Task goal: Every line of the data below is to be duplicated exactly, pictures excepted.

Dataset entries:
= Beginning of Section =

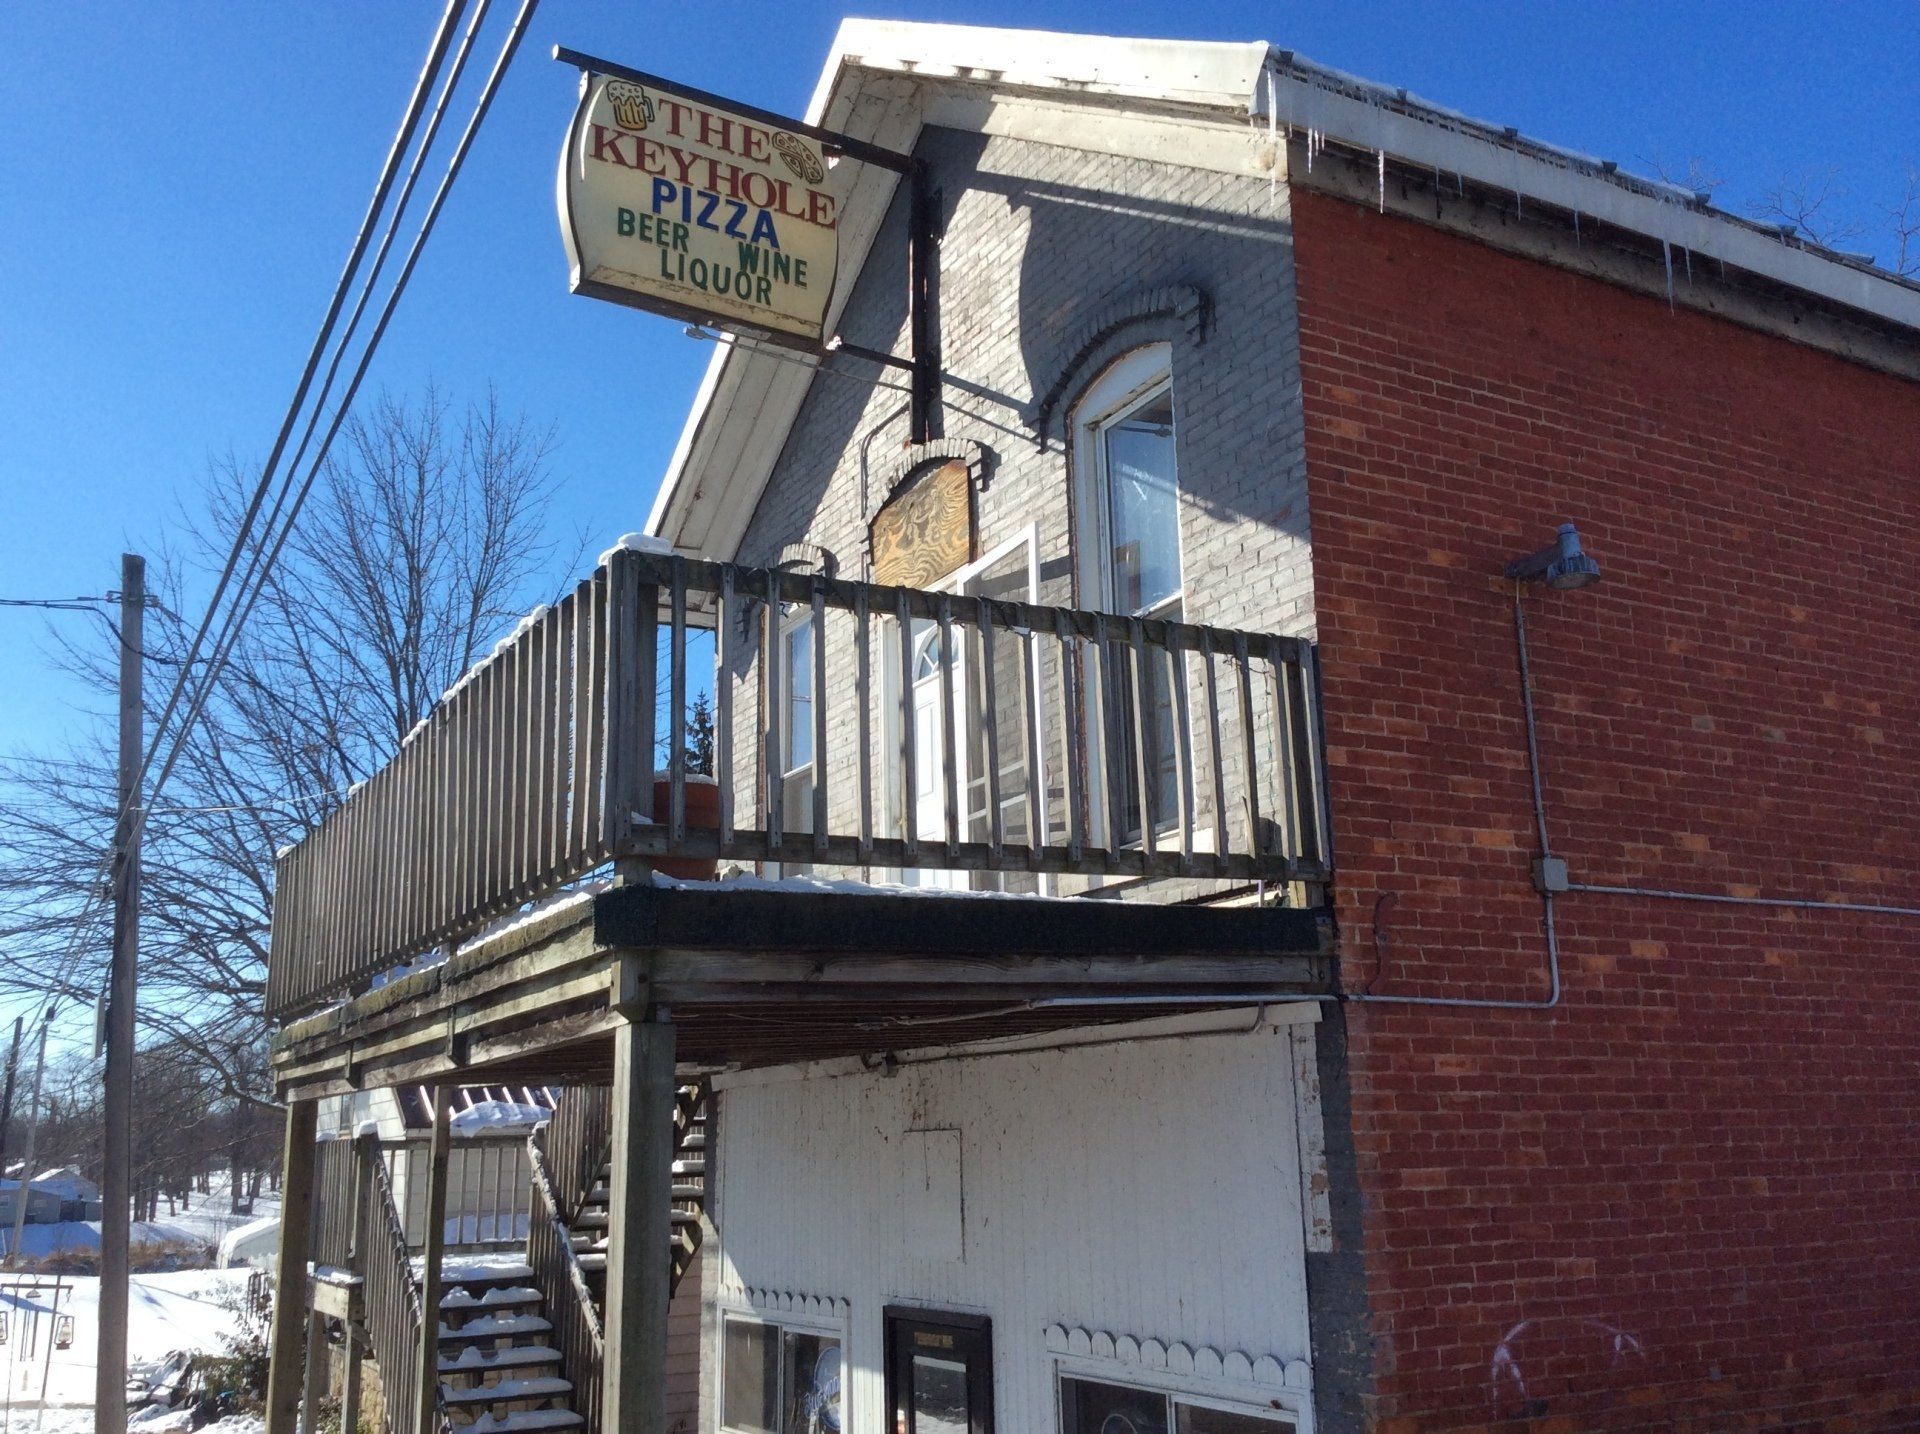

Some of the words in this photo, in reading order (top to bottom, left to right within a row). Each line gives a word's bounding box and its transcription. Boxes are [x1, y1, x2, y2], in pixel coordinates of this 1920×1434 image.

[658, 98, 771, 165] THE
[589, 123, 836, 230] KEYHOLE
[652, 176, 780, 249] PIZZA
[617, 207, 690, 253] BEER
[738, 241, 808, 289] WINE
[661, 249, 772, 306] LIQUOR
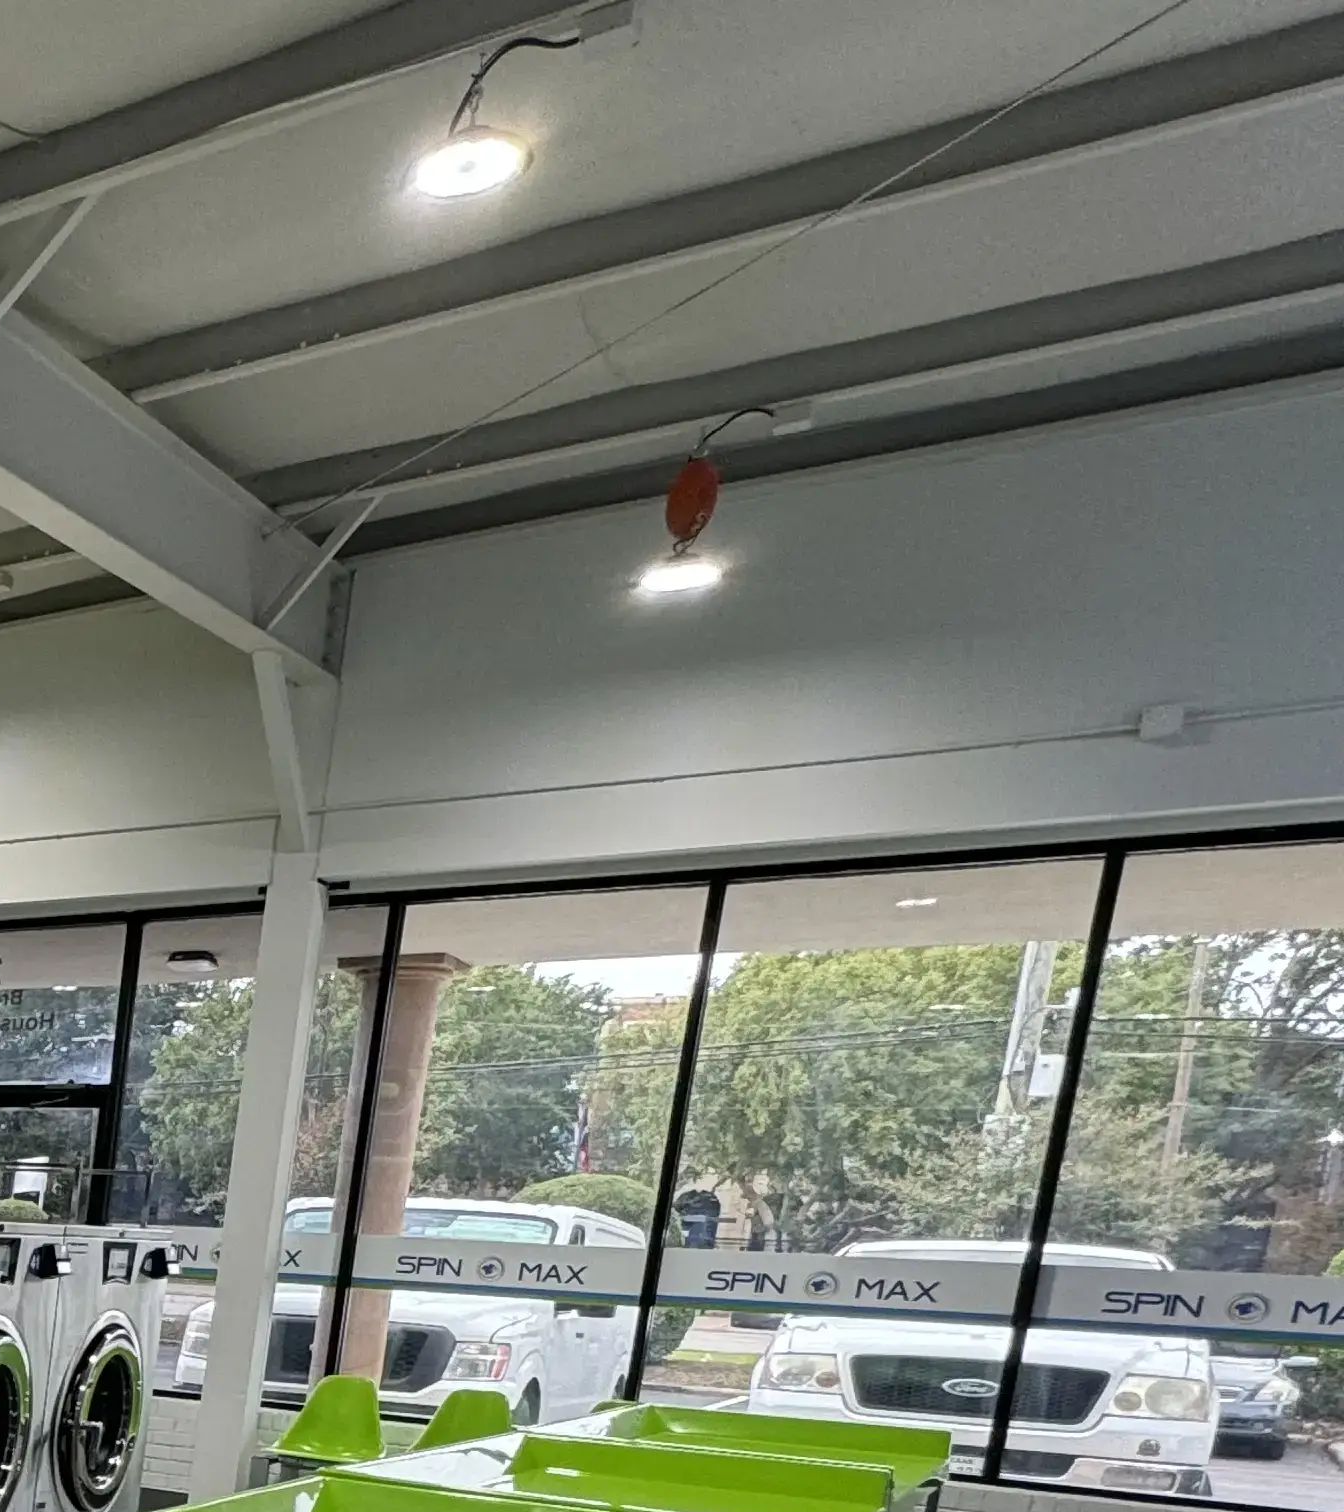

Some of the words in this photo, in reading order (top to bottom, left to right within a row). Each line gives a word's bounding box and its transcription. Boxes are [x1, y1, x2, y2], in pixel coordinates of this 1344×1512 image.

= End of Section =

Solution:
Some of the words in this photo, in reading order (top to bottom, left to right within a row). Each line gives a word's bounding box and its transcription. Boxes are [x1, y1, x2, y2], in pixel coordinates of this 1920×1434 image.

[658, 98, 771, 165] THE
[589, 123, 836, 230] KEYHOLE
[652, 176, 780, 249] PIZZA
[617, 207, 690, 253] BEER
[738, 241, 808, 289] WINE
[661, 249, 772, 306] LIQUOR

Some of the words in this photo, in reading order (top to bottom, left to right within a row). Each line gives a word's bounding box and its transcription. Boxes are [x1, y1, x2, y2], in pixel coordinates of this 1344×1512 image.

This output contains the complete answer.